You could probably accomplish this with hooks. You'd merge PRs into a special branch, let's call it special_merge. Your hook would see the merge on special_merge, add a commit to empty the special db_changes.sql file, and merge that into main. The PostRepositoryHook would seem to do it.

A - B - C [main][special_merge]
 \
  X - Y - Z [branch]

# merge the PR to special_merge

A - B --- C [main]
 \         \
  \         M [special_merge]
   \        /
   X - Y - Z [branch]

# hook detects a merge to special_merge.
# checks out the branch head.
# empties db_changes.sql
# commits (that's commit 0)

A - B --- C [main]
 \         \
  \         M [special_merge]
   \        /
   X - Y - Z - 0 [branch]

# hook merges branch into main
# hook resets special_merge to main

A - B --- C ------ N [main][special_merge]
 \                /
  \              /
   \            /
   X - Y - Z - 0 [branch]

There's a bunch of problems with this approach.

  1. It complicates the merge process.
  2. How are changes to the database schema handled? Where is it stored? How is it tested?
  3. What if a change needs to modify production data? Where is it stored? How is it tested?
  4. What you're testing is not what you're pushing to production.

There are two problems.

  1. Your database changes are not under version control and (presumably) are deployed using a different process than your code.
  2. You're relying on a fixed database to test diverse code.

If we fix both problems the problem goes away, deployments and testing are more robust, and the whole deployment pipeline can be automated.

What you're describing is on the way to schema migrations. Rather than having a fixed schema you temporarily modify, every change to the database is done this way. The schema is generated by running each change on an empty database. You can then dump a snapshot of your schema.

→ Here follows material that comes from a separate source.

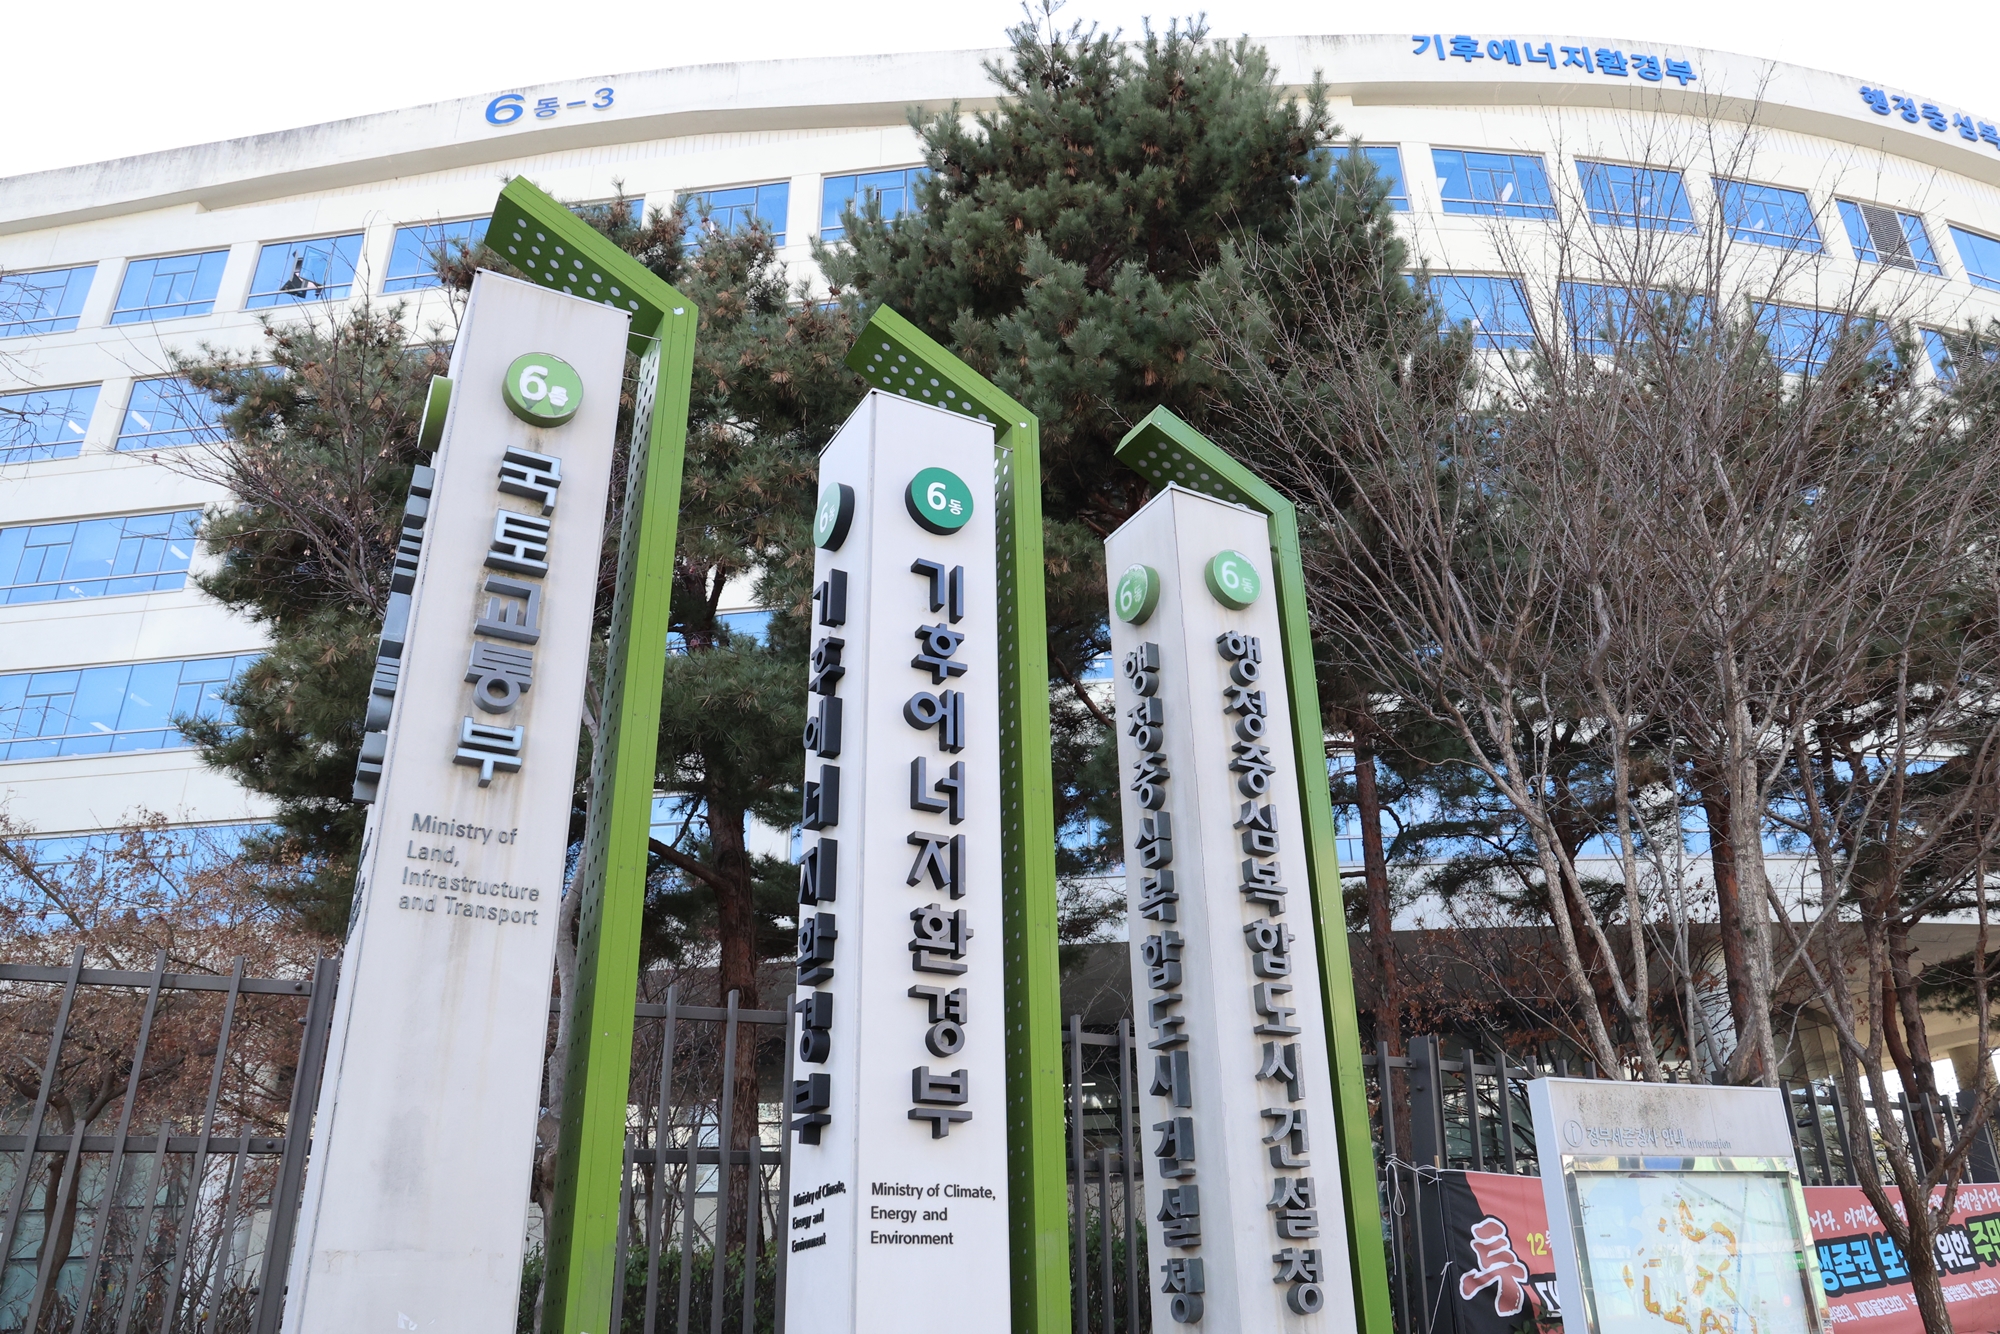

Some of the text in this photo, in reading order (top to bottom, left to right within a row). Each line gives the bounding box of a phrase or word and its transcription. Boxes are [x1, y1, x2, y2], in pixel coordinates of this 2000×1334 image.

For example, your first schema migration would create the database as it currently exists. In development and testing, this is used to generate a schema and create the database (and normally would be used to create the initial production database). This database has no data, except a table for tracking which migrations have already been applied.

Tests always start with no data. Developers writing tests use tools such as factory_bot to generate test data and populate the database. The database is emptied between tests, at as fine a grain as possible, usually by rolling back a transaction. This avoids a failing test from messing up the database, each test starts from a known clean state.

If a developer wants to make a change to the schema, they write a new schema migration. For example, a branch might include a schema migration with an alter table to add a new column. As before, all migrations are run in order to create the database for dev and testing.

Deploying this change in production means running the unapplied schema migrations in order first on a staging database which does have sample data similar to production (this could be a production snapshot, but be careful of exposing PII to your devs and testers). Once its known to work on staging, the new migrations are then applied to production.

In this way dev, test, and production schemas can be tested and kept in sync automatically. Tests won't accidentally leave data to confuse other tests. Tests can insert and delete any data they want. Branches can make any changes to the database as necessary. Sensitive production data doesn't accidentally leak into dev and testing.

  • dev - developers creates fresh, empty databases to develop and work on using test factories to populate them with data
  • testing - same as dev
  • staging - staging has an existing database with production-like data and only applies new schema migrations, this tests production deployment
  • production - same as staging

Testing confirms the code and schema will work before merging. Staging confirms the schema changes will work with a live database before deploying.

Many ORMs and frameworks support this workflow out of the box, and there are stand-alone tools such as Sqitch.